Cette rue est bien plus qu’un simple axe urbain. Elle incarne l’âme bouillonnante de Montréal où la vie bat son plein jour et nuit. Chaque coin de cette artère vibrante nous rappelle les instants partagés, des rires échangés. On a souvent rêvé d’y vivre, charmés par son ambiance animée et sa diversité culturelle. Il y a de plaisants bars et de la musique techno à l’intérieur, un peu comme à la rue d’Aerschot à Schaerbeek (Bruxelles, Belgique), mais sans les vitrines des dames galantes…

Après quelques pas et des discussions animées, nous avons enfin atteint Berri-UQAM, plus précisément la BANQ (Bibliothèque et Archives nationales du Québec). Je pense que ce qui l’intéresse le plus, c’est de me montrer un de mes livres sur un présentoir dans ce lieu important. C’est souvent le cas avec mes amis, même si je trouve cette pratique bizarre.

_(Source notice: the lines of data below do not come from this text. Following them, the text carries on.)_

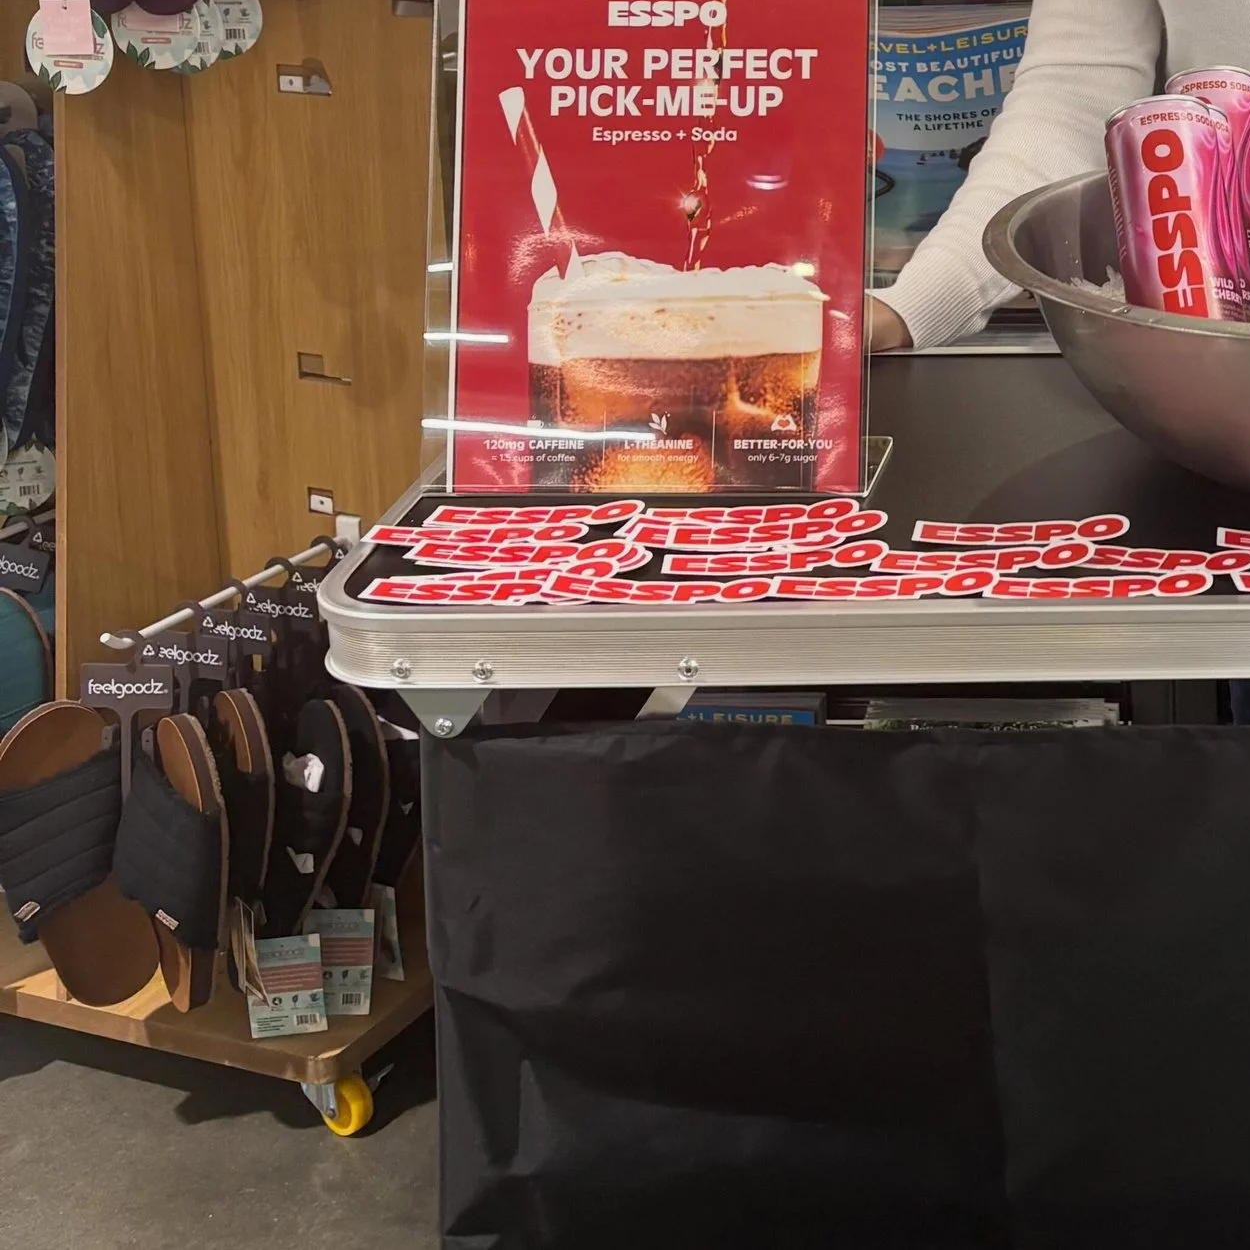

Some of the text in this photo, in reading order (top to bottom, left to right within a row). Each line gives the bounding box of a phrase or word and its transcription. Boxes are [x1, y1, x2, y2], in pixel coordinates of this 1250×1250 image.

[607, 0, 728, 27] ESSPO
[516, 47, 818, 81] YOUR PERFECT
[549, 85, 785, 117] PICK-ME-UP
[896, 108, 997, 122] THE SHORES OF
[1140, 111, 1194, 126] ESPRESSO
[592, 126, 737, 145] Espresso Soda
[913, 120, 984, 131] A LIFETIME
[1211, 276, 1234, 290] WILD
[483, 439, 584, 452] 120mg CAFFEINE
[624, 439, 694, 450] L-THEANINE
[733, 439, 833, 450] BETTER-FOR-YOU
[536, 453, 576, 462] of coffee
[631, 453, 699, 464] smooth energy
[747, 454, 818, 464] only sugar
[434, 502, 641, 525] ESSPO
[919, 517, 1125, 543] ESSPO
[669, 542, 884, 572] ESSPO
[878, 542, 1090, 571] ESSPO
[552, 574, 771, 602] ESSPO
[776, 570, 994, 599] ESSPO
[990, 572, 1209, 598] ESSPO
[88, 678, 164, 699] feelgoodz

Ça me met mal à l’aise, un peu comme Thomas, qui, à Auckland, en Nouvelle-Zélande, prend un selfie chaque fois qu’il voit un de mes livres dans une bibliothèque.

Même si je suis tout à fait conscient d’avoir une œuvre exposée ici, je m’étonne grandement devant l’intense émotion qui m’envahit d’un coup, lorsque la bibliothécaire me remet le livre en main propre, avec ma photo en couverture. Au-delà de la fierté de voir mon travail sur cette étagère du rayon documentaire, c’est comme si tout à coup mes mots prennent une forme tangible, incarnant une part de moi-même…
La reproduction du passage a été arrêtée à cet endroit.